_Task to carry out:_ Repeat only the lines from the one that contains "this 1600×1200 image." through the final line of the listing below, exactly, please, without pictures.

*** Records for this task Section Begins ***

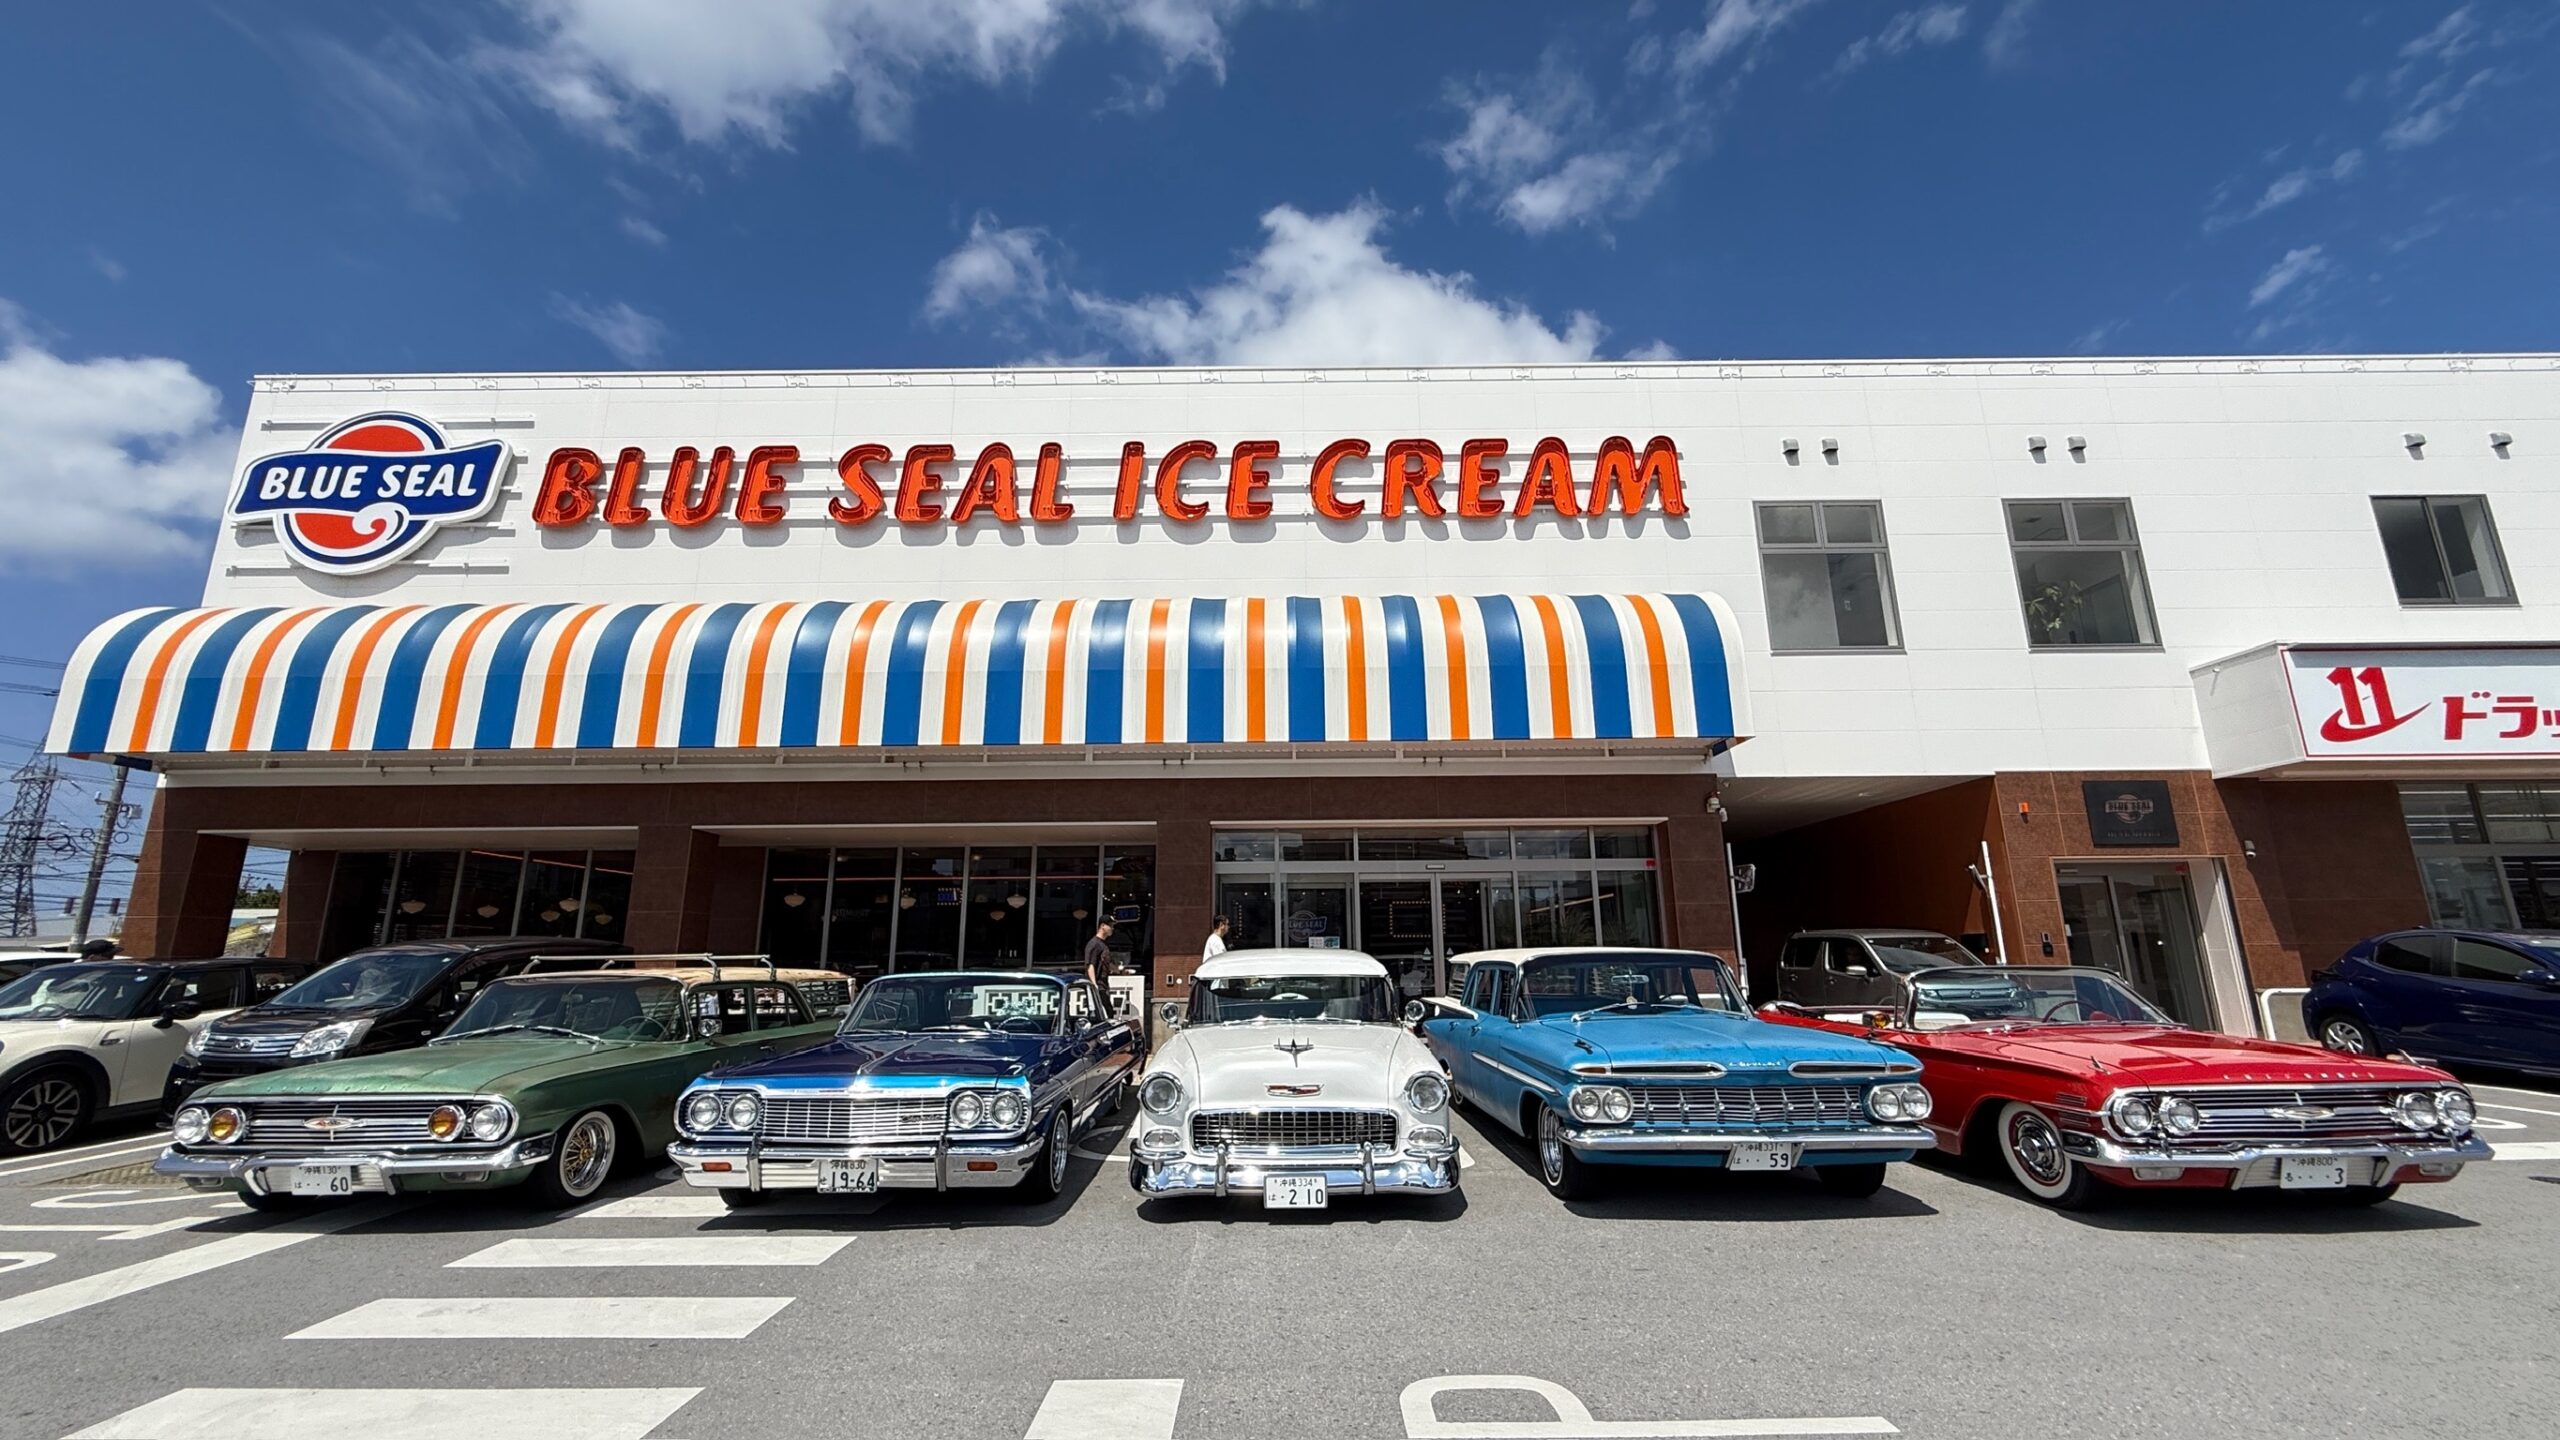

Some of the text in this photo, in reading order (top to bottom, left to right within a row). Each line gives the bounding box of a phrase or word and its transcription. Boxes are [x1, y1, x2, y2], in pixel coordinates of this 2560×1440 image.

[259, 463, 477, 500] BLUE SEAL
[532, 435, 1690, 526] BLUE SEAL ICE CREAM
[832, 1172, 875, 1189] 19-64
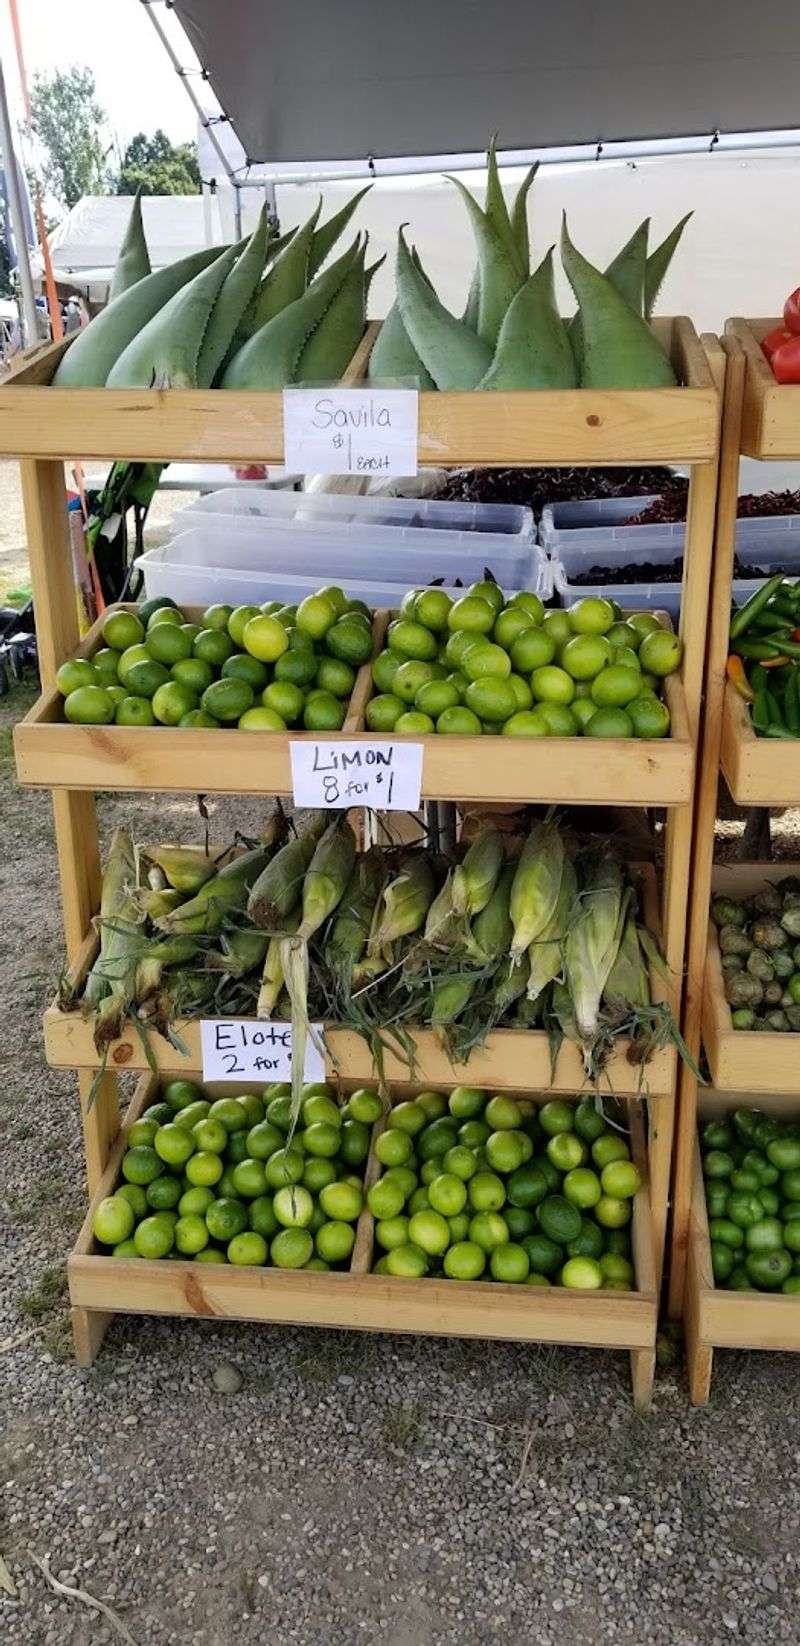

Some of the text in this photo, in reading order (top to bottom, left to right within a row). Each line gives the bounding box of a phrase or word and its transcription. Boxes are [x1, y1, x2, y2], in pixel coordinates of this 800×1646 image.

[312, 399, 391, 429] Savila
[323, 775, 340, 803] 8
[345, 780, 369, 797] for
[221, 1053, 246, 1074] 2
[253, 1056, 280, 1071] for
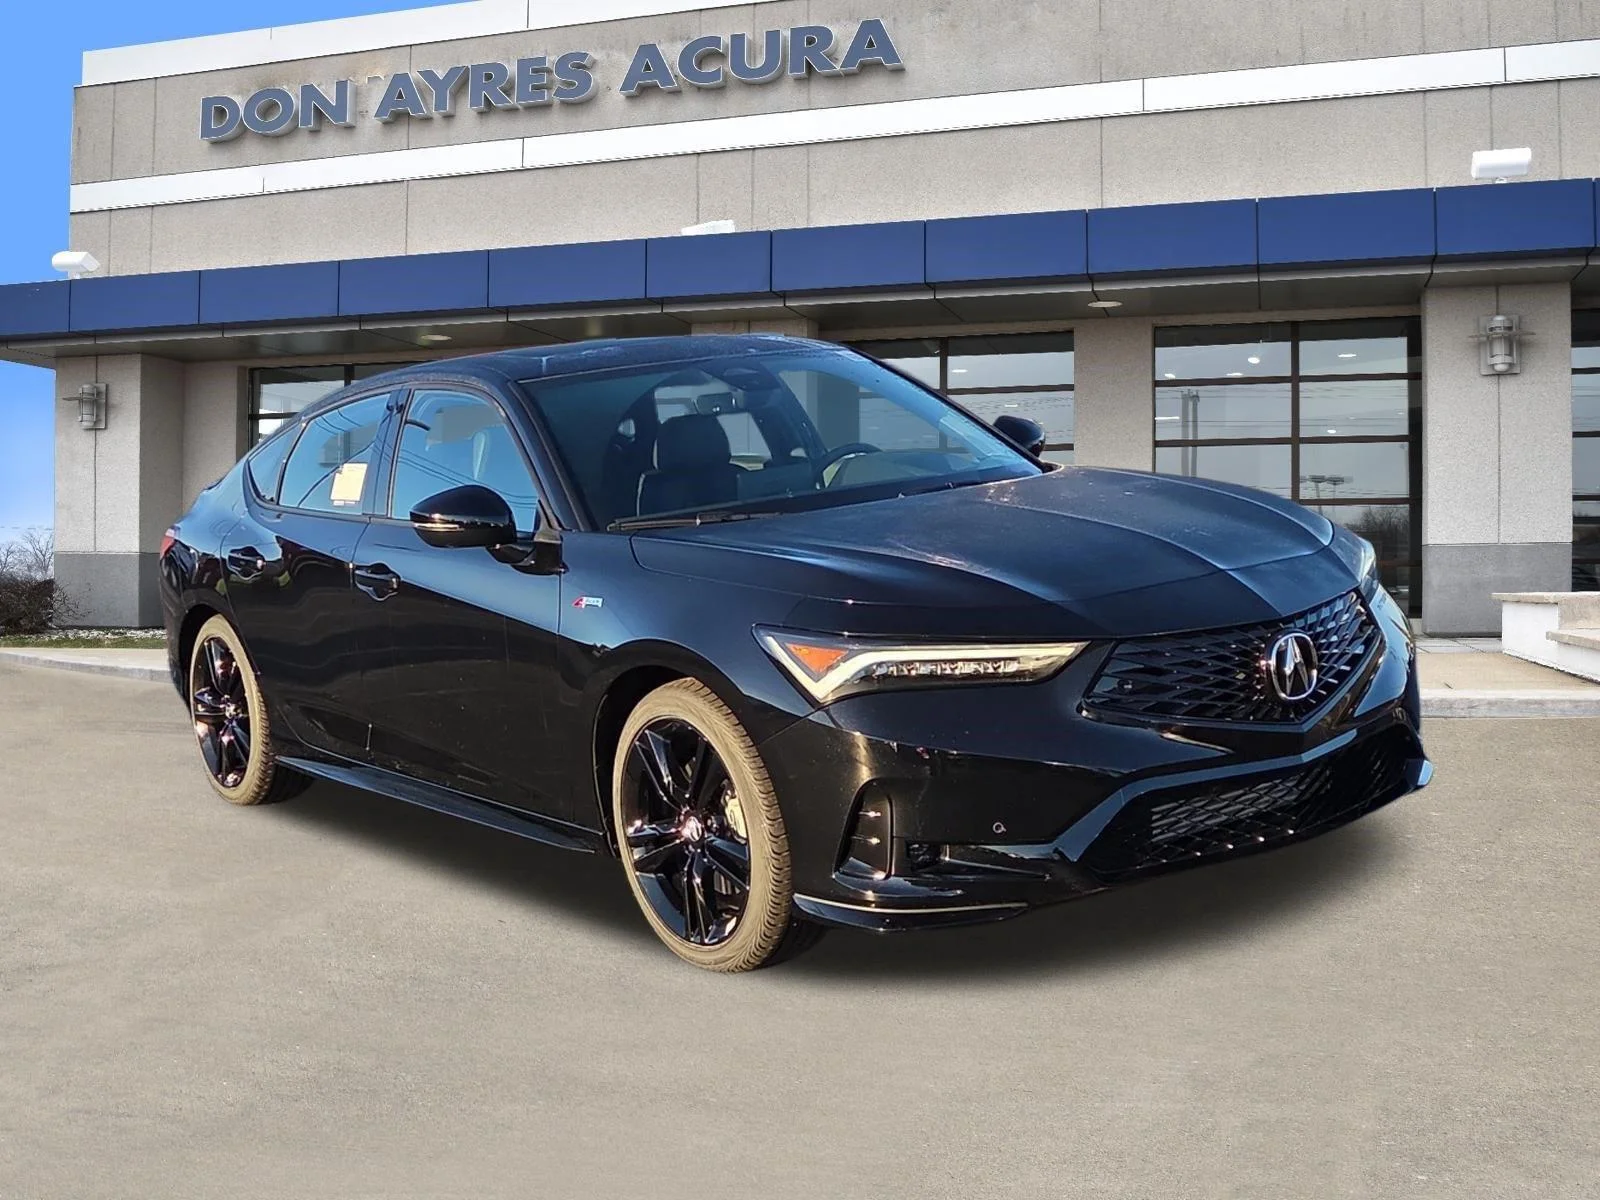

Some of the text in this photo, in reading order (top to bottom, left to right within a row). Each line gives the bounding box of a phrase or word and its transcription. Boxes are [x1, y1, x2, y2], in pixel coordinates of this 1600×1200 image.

[200, 17, 904, 142] DON AYRES ACURA
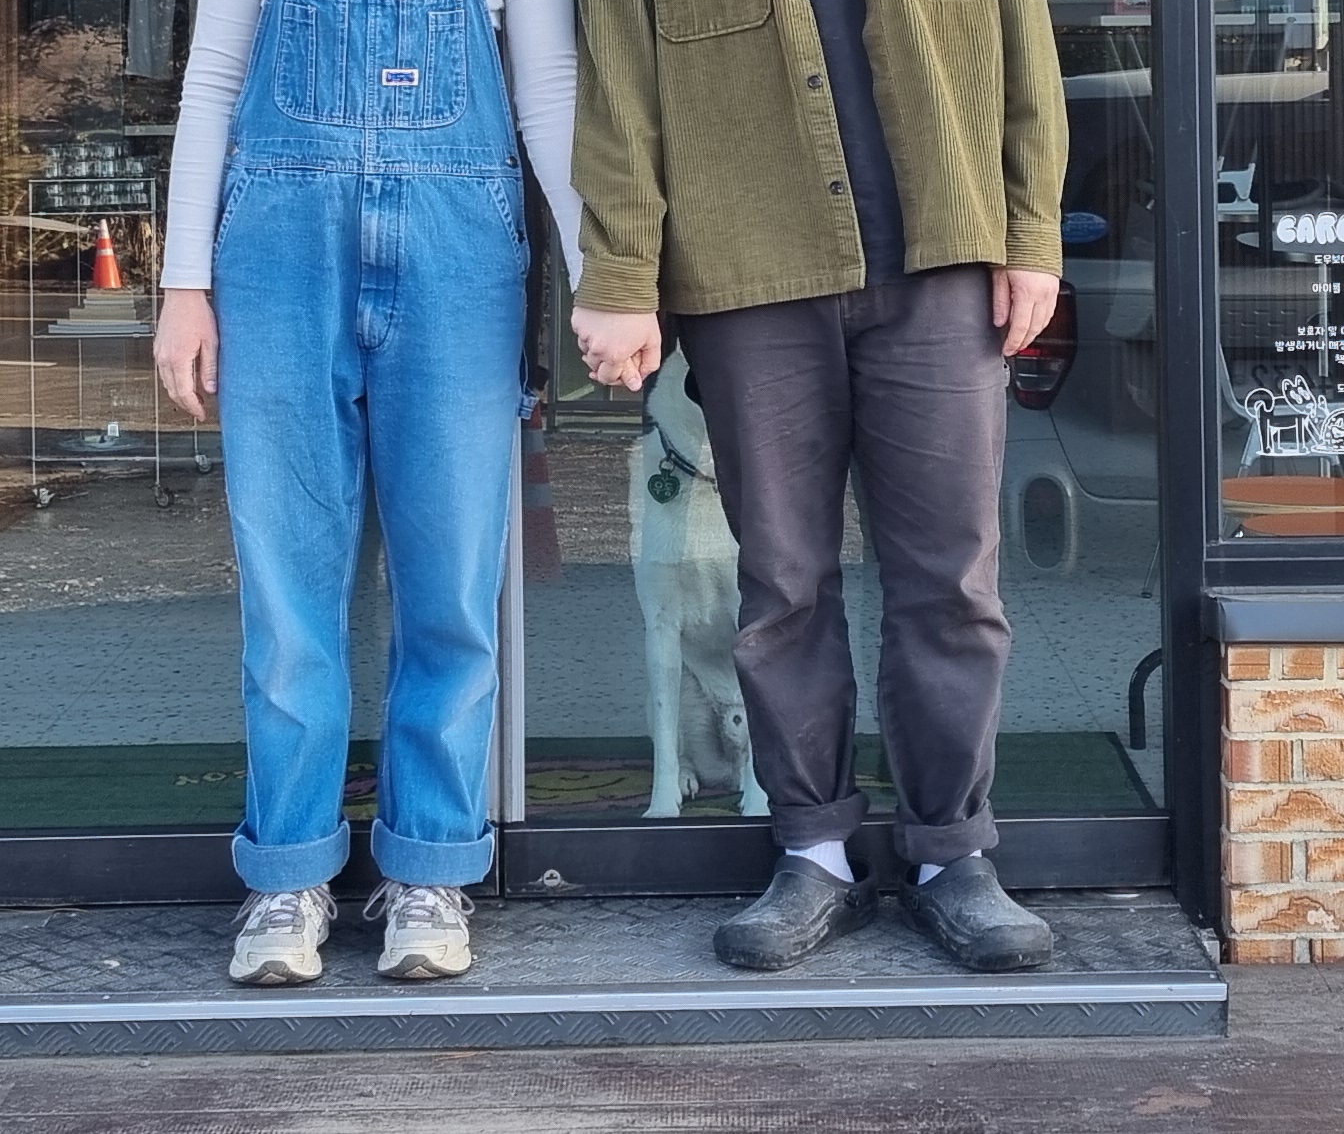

*** Records for this task Section Ends ***

_Expected answer:_
Some of the text in this photo, in reading order (top to bottom, left to right within a row). Each line gives the bounding box of a phrase or word and its transcription. Boxes are [x1, y1, x2, y2], in pixel coordinates of this 1600×1200 image.

[200, 17, 904, 142] DON AYRES ACURA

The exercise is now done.